I've been having a look at the install instructions - is there no way to install the custom FW with the stock update mechanism? I'm not looking forward to ripping the feet off my keyboard :P

Edit: another question - have you dumped firmware from any of the pro m rgb update binaries? Getting junk from them so far, and I can't find V1.04 referenced in updatepackage

[hansemro]

are there any dumps that would be useful for the RE work? I see there's a TODO on dumping the spi flash.

SPI flash dumps are not particularly important unless you want to fully RE the stock firmware and make sense of the data written/read from external flash. It may also be useful for restoring from backup.

Most of the pending RE work was found to not be necessary after RE'ing Pro S RGB and Pro L White models.

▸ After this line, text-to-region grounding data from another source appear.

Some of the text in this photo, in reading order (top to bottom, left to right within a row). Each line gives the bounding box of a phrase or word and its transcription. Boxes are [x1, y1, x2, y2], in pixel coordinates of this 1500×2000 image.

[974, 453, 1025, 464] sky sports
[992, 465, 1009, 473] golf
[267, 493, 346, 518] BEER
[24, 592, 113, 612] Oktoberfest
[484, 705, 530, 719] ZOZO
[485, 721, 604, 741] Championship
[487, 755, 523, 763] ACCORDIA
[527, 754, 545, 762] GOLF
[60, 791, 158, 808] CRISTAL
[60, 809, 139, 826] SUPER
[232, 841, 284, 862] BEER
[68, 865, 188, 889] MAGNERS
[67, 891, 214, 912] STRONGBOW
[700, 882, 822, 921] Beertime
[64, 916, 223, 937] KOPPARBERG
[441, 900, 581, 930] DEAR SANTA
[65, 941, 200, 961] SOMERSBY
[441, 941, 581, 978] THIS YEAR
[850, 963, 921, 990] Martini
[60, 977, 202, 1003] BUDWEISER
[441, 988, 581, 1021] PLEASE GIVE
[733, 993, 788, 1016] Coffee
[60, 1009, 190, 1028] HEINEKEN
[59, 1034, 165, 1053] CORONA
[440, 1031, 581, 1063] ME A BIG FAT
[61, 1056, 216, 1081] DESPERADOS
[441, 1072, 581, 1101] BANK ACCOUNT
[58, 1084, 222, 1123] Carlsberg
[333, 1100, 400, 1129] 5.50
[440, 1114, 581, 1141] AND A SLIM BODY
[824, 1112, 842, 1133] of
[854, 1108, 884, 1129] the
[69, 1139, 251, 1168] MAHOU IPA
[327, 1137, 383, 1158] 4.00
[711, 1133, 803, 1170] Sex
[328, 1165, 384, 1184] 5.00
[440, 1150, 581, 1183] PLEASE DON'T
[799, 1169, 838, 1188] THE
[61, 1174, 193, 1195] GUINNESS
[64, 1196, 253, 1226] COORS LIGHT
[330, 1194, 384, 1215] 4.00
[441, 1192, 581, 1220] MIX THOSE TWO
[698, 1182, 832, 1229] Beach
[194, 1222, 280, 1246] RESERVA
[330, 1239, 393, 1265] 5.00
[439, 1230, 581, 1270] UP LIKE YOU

have you dumped firmware from any of the pro m rgb update binaries?

Yes, the trick here is to extract FWUpdate.exe from masterkeys_pro_m_vX.XX.exe/bin/Setup/File/FWUpdate/. You can use 7z to extract this file. Afterwards, you should be able to use pok3rtool to pull the application firmware binary from FWUpdate.exe.

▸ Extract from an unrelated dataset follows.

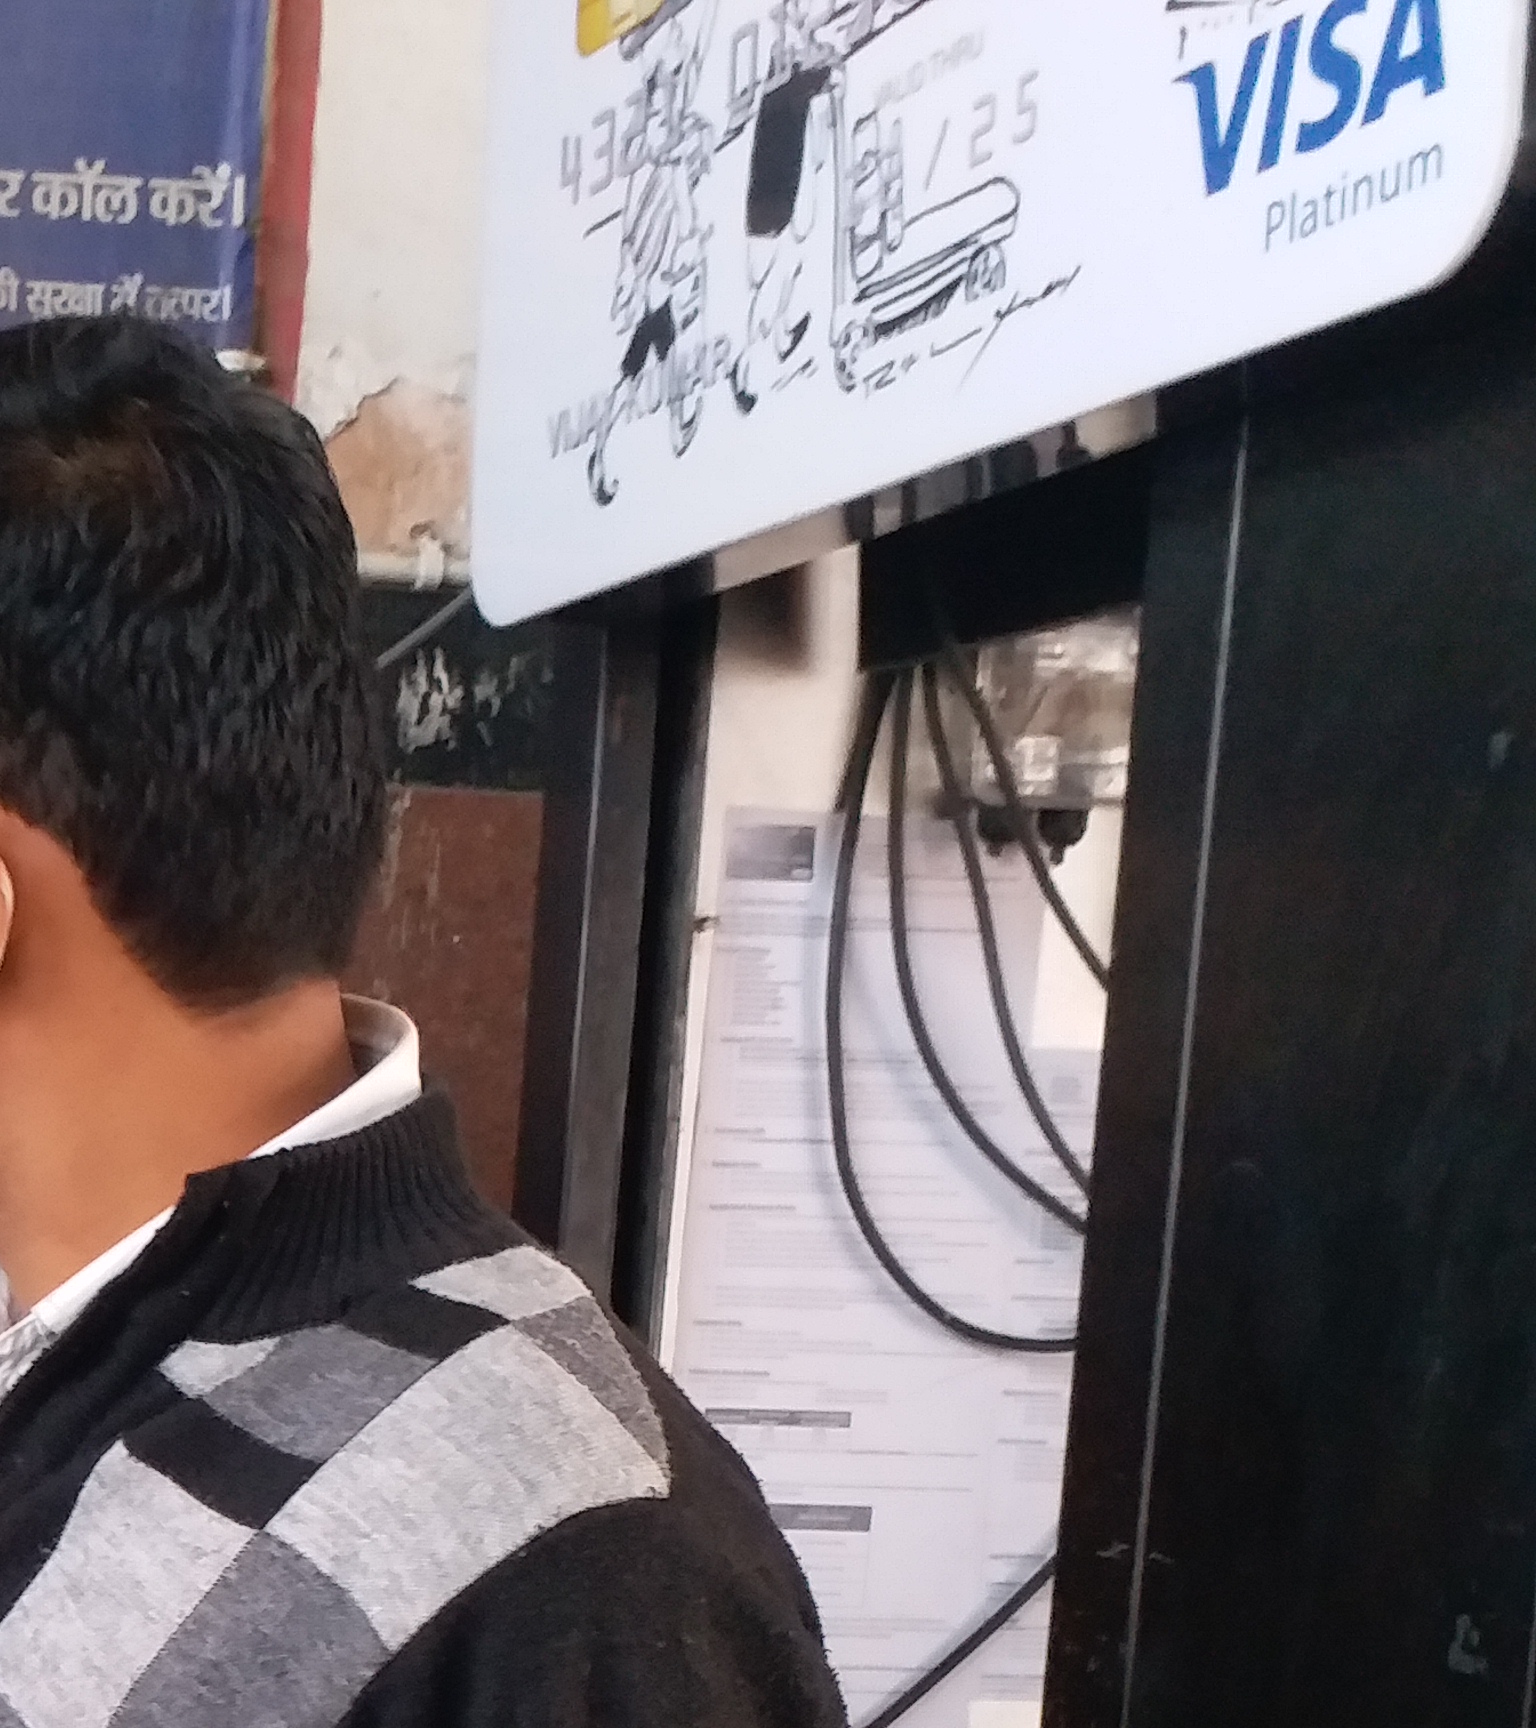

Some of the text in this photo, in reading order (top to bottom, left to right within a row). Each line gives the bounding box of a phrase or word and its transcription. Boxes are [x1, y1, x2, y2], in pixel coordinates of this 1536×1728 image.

[1172, 0, 1445, 197] VISA
[31, 157, 143, 224] कॉल
[1265, 143, 1443, 252] Platinum

is there no way to install the custom FW with the stock update mechanism? I'm not looking forward to ripping the feet off my keyboard :P

Unfortunately, no other way has been found to avoid opening the keyboard and unlocking the processor. It may be worth investigating what triggers a hard fault when it boots into QMK or any other custom FW. The challenge here is that flash security also disables SWD debugging and booting from SRAM.

For that particular disassembly step, you only need to partially lift the left side of the rubber feet (with a tweezer) to expose the screw. For Pro M RGB, you only need to do this for the two upper pads (furthest away from you).